Haemophilia usually affects the male population, but the good news is that it is both treatable and curable. The number of new treatments that include replacement therapy and blood transfusion therapy, along with replacing clotting factors and intake drugs can help cure this disease.

 Haemophilia is a rare genetic hereditary blood disorder that lacks normal clotting potential because of deprived or inactivated blood-clotting factors or proteins.

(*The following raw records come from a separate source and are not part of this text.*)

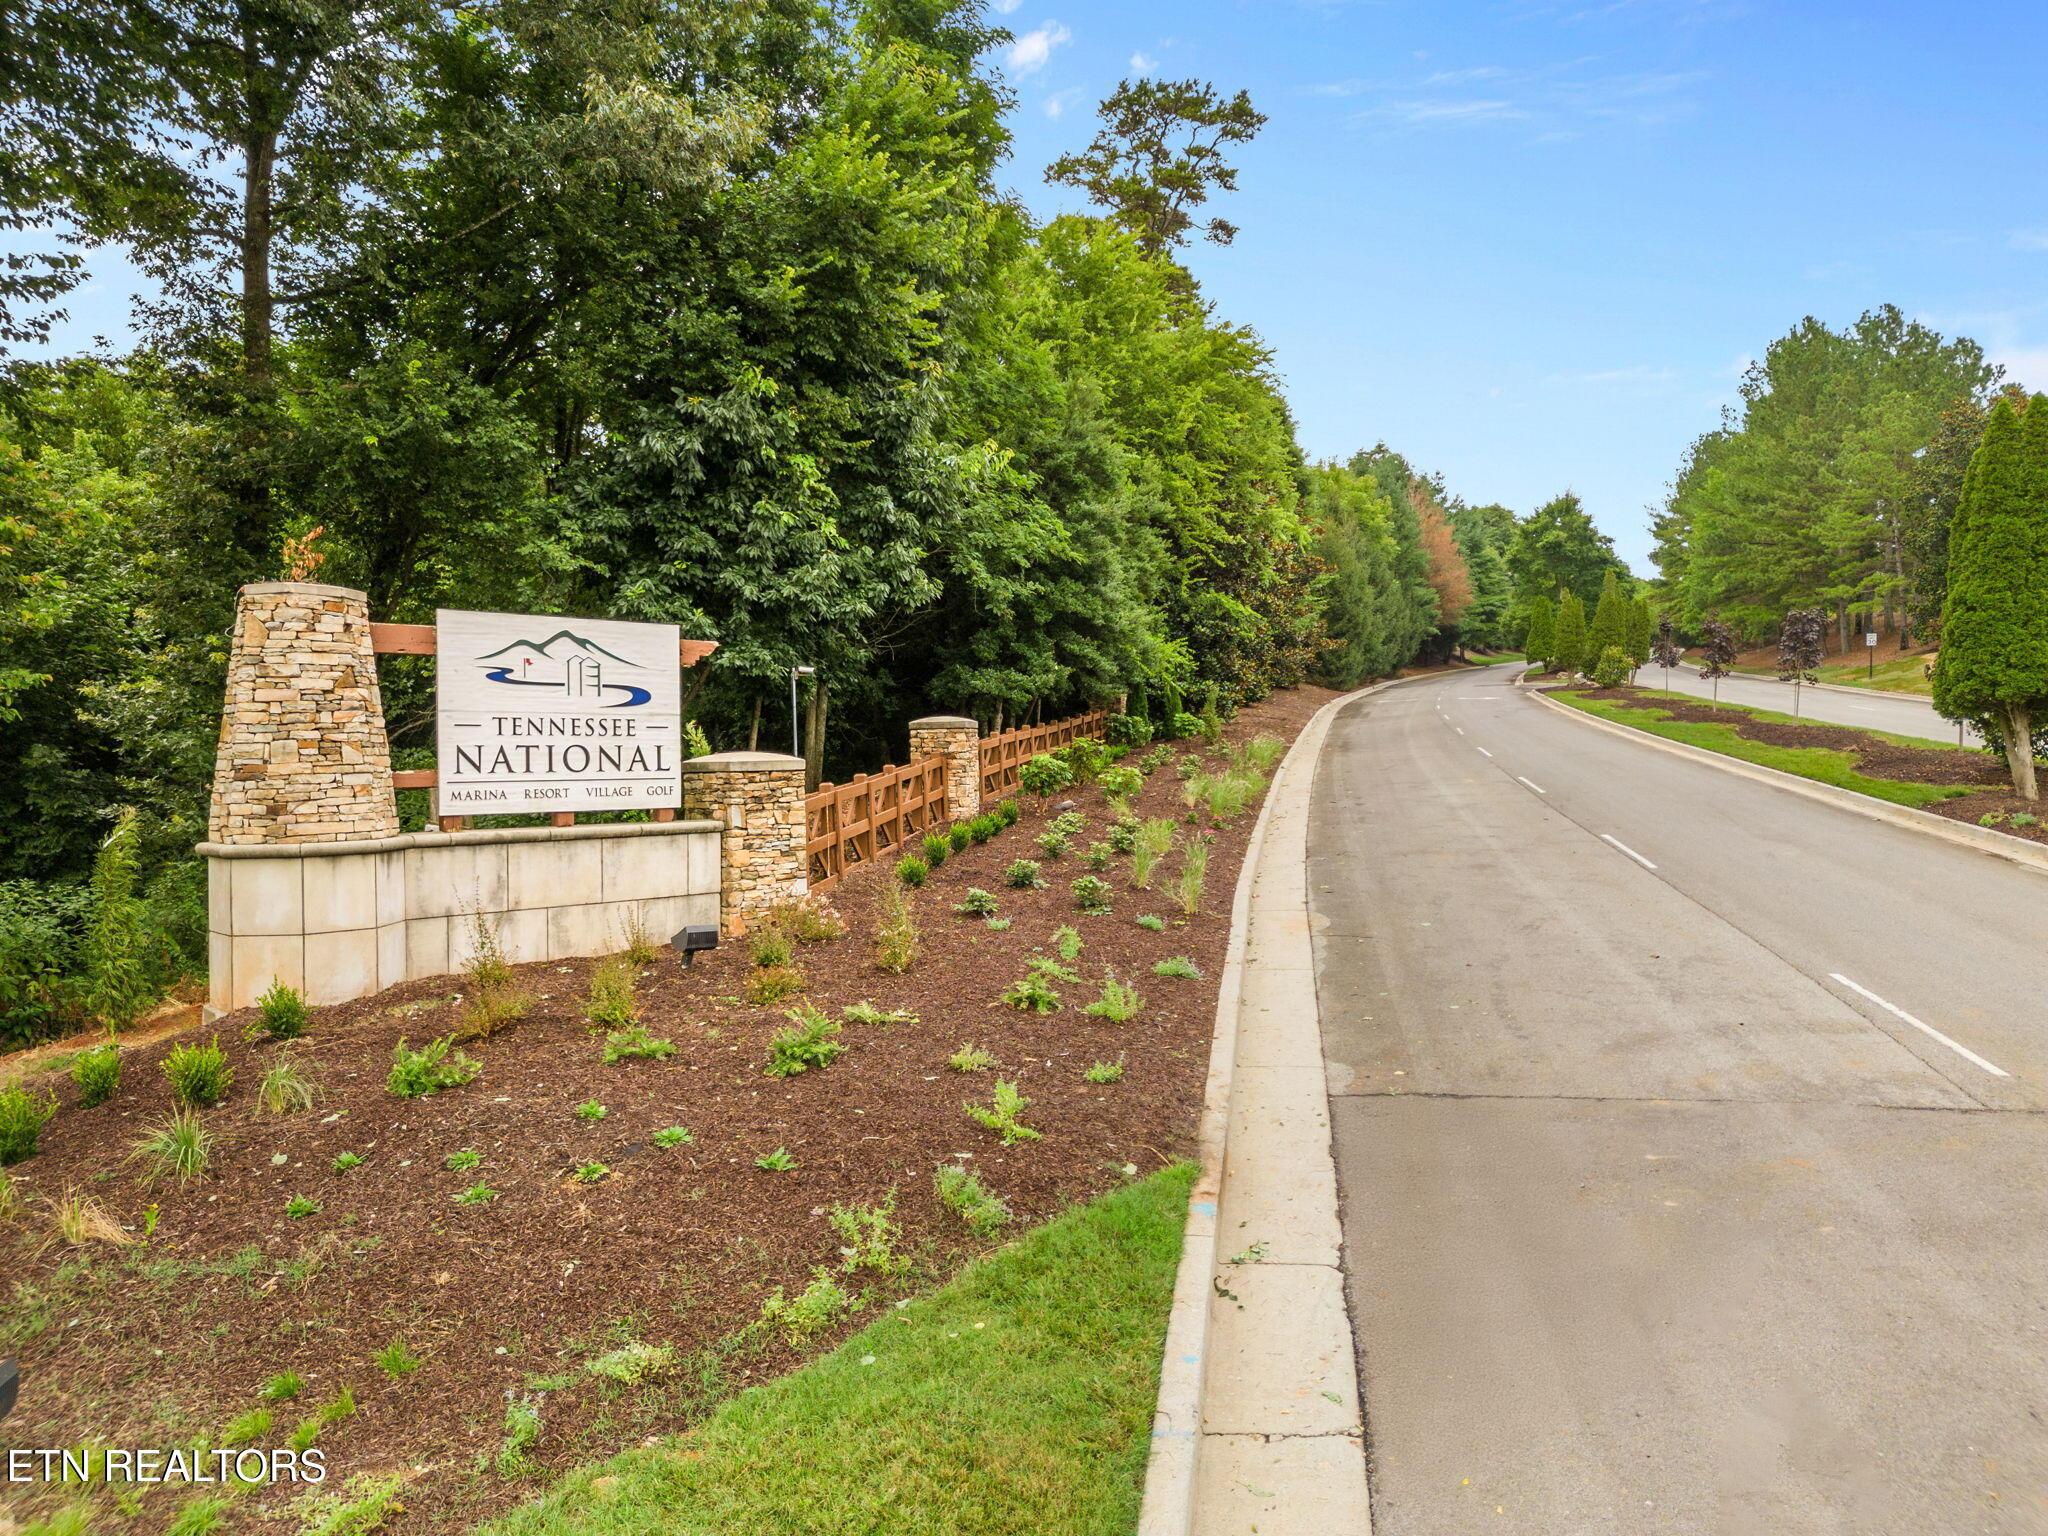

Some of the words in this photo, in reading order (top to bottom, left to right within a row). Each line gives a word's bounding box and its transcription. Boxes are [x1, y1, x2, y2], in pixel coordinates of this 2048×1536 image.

[492, 716, 637, 737] TENNESSEE
[453, 744, 671, 775] NATIONAL
[451, 789, 508, 801] MARINA
[524, 788, 570, 799] RESORT
[585, 786, 633, 798] VILLAGE
[646, 785, 675, 796] GOLF

Male are usually affected by this disease and the first or early instance of symptom can include the following:

  • Unusual bleeding episodes
  • Bleeding while circumcision
  • Bleeding of the muscles (hematoma formation or compartment syndrome)
  • Bleeding of joints (hemarthrosis) and
  • Bleeding of gastrointestinal tract.

Furthermore, other common symptoms include bleeding of the mouth or nose, blood in the stool, blood in the urine, bleeding of the brain (intracranial hemorrhage), uncontrolled bleeding from skin cut and other injuries and excessive bleeding from after surgery or dental treatments.

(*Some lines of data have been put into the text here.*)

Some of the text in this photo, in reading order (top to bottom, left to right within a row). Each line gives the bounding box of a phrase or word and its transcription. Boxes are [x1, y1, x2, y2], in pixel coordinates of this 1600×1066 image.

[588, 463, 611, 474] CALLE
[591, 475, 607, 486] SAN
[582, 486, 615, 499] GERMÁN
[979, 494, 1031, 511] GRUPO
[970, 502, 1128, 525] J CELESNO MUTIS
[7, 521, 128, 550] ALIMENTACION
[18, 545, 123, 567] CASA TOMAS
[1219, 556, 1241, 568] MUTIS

The most common diagnoses are platelet count and bleeding time test. In platelet count the content count is measured and calculated whilst in bleeding time test calculates estimated time to clot. For enhanced and critical testing prothrombin time (PT) and activated partial thromboplastin time (aPTT) test can be performed to assess and detect Hemophilia A and B. Genetic testing of the parents and the fetus are also commercially available options for hemophilia diagnosis. An advanced technique used pre-natal is DNA-based test of ‘amniocentesis’ or ‘chorionic villus’ sampling.

There are various methods of treatment to treat Hemophilia; including replacement therapy and blood transfusion therapy. One may also undergo replacing clotting factors, and genetic therapies and intake drugs for hemophilic men. Hemophilia is not curable; however, new age technologies and therapies have helped in improving the lifestyle of those affected.